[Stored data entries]
#####

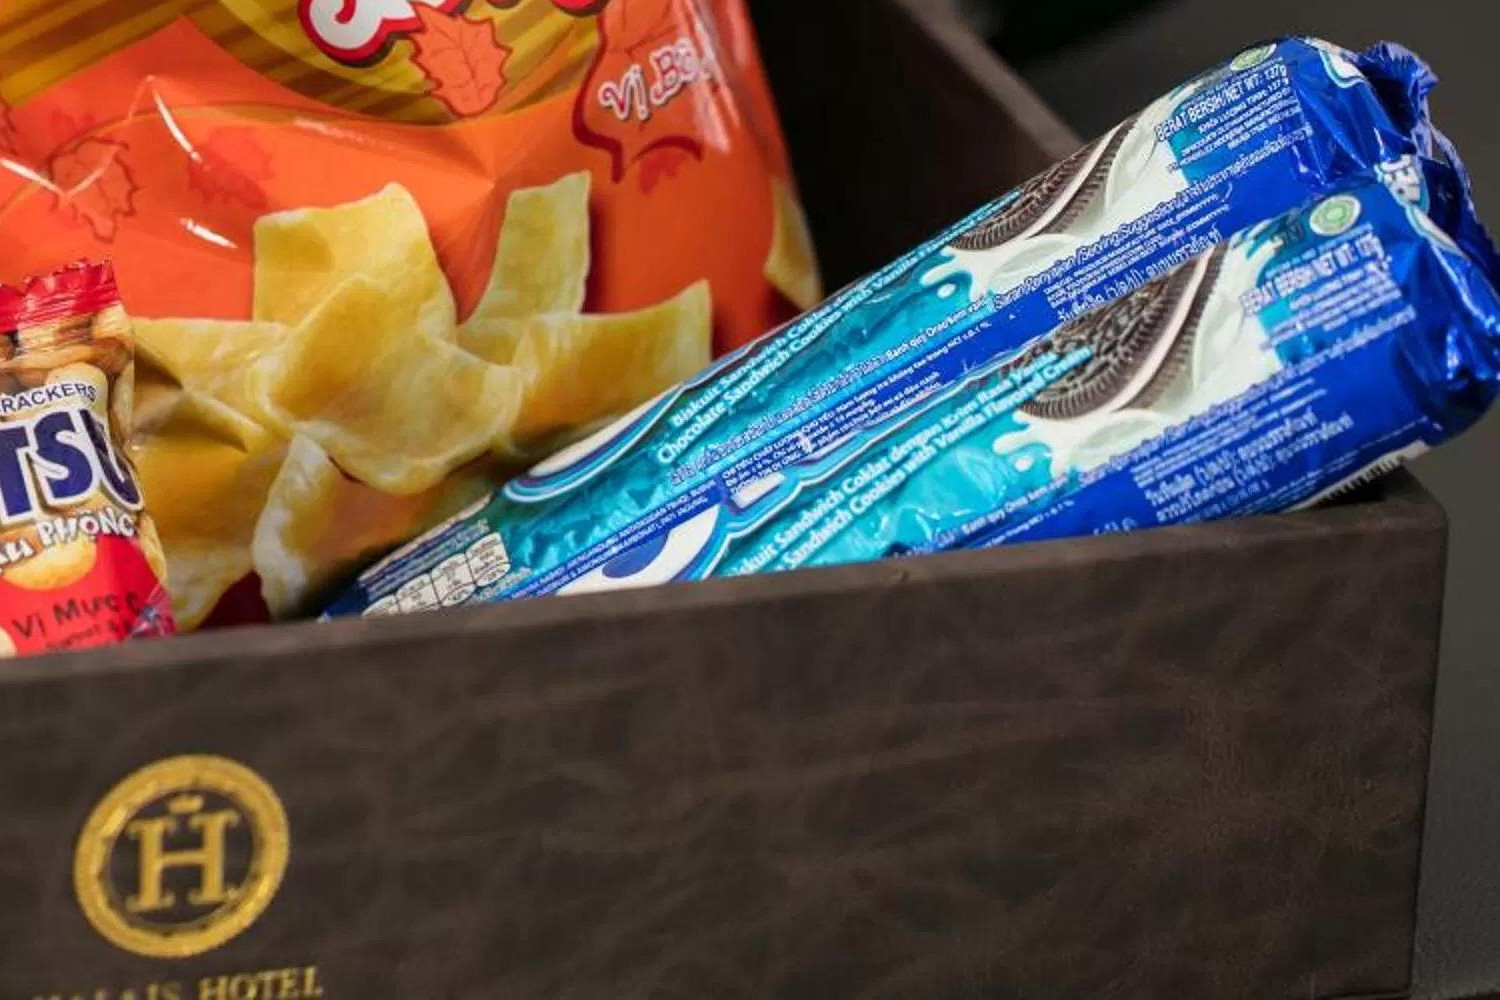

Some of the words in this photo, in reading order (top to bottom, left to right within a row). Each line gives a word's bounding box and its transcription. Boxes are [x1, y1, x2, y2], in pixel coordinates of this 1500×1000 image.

[1153, 111, 1191, 142] BERAT
[1263, 62, 1288, 81] 137g
[654, 394, 729, 466] Chocolate
[721, 346, 791, 407] Sandwich
[787, 307, 843, 354] Cookies
[671, 382, 722, 428] Biskuit
[717, 334, 787, 390] Sandwich
[772, 485, 845, 548] Sandwich
[839, 451, 892, 496] Coklat
[887, 420, 946, 463] dengan
[782, 505, 854, 570] Sandwich
[846, 462, 910, 515] Cookies
[902, 440, 937, 474] with
[932, 410, 987, 451] Vanilla
[197, 964, 324, 1000] HOTEL

#####

What is needed:
Hand back all the entries exactly, leaving out the pictures.

Response area:
Some of the words in this photo, in reading order (top to bottom, left to right within a row). Each line gives a word's bounding box and its transcription. Boxes are [x1, y1, x2, y2], in pixel coordinates of this 1500×1000 image.

[1153, 111, 1191, 142] BERAT
[1263, 62, 1288, 81] 137g
[654, 394, 729, 466] Chocolate
[721, 346, 791, 407] Sandwich
[787, 307, 843, 354] Cookies
[671, 382, 722, 428] Biskuit
[717, 334, 787, 390] Sandwich
[772, 485, 845, 548] Sandwich
[839, 451, 892, 496] Coklat
[887, 420, 946, 463] dengan
[782, 505, 854, 570] Sandwich
[846, 462, 910, 515] Cookies
[902, 440, 937, 474] with
[932, 410, 987, 451] Vanilla
[197, 964, 324, 1000] HOTEL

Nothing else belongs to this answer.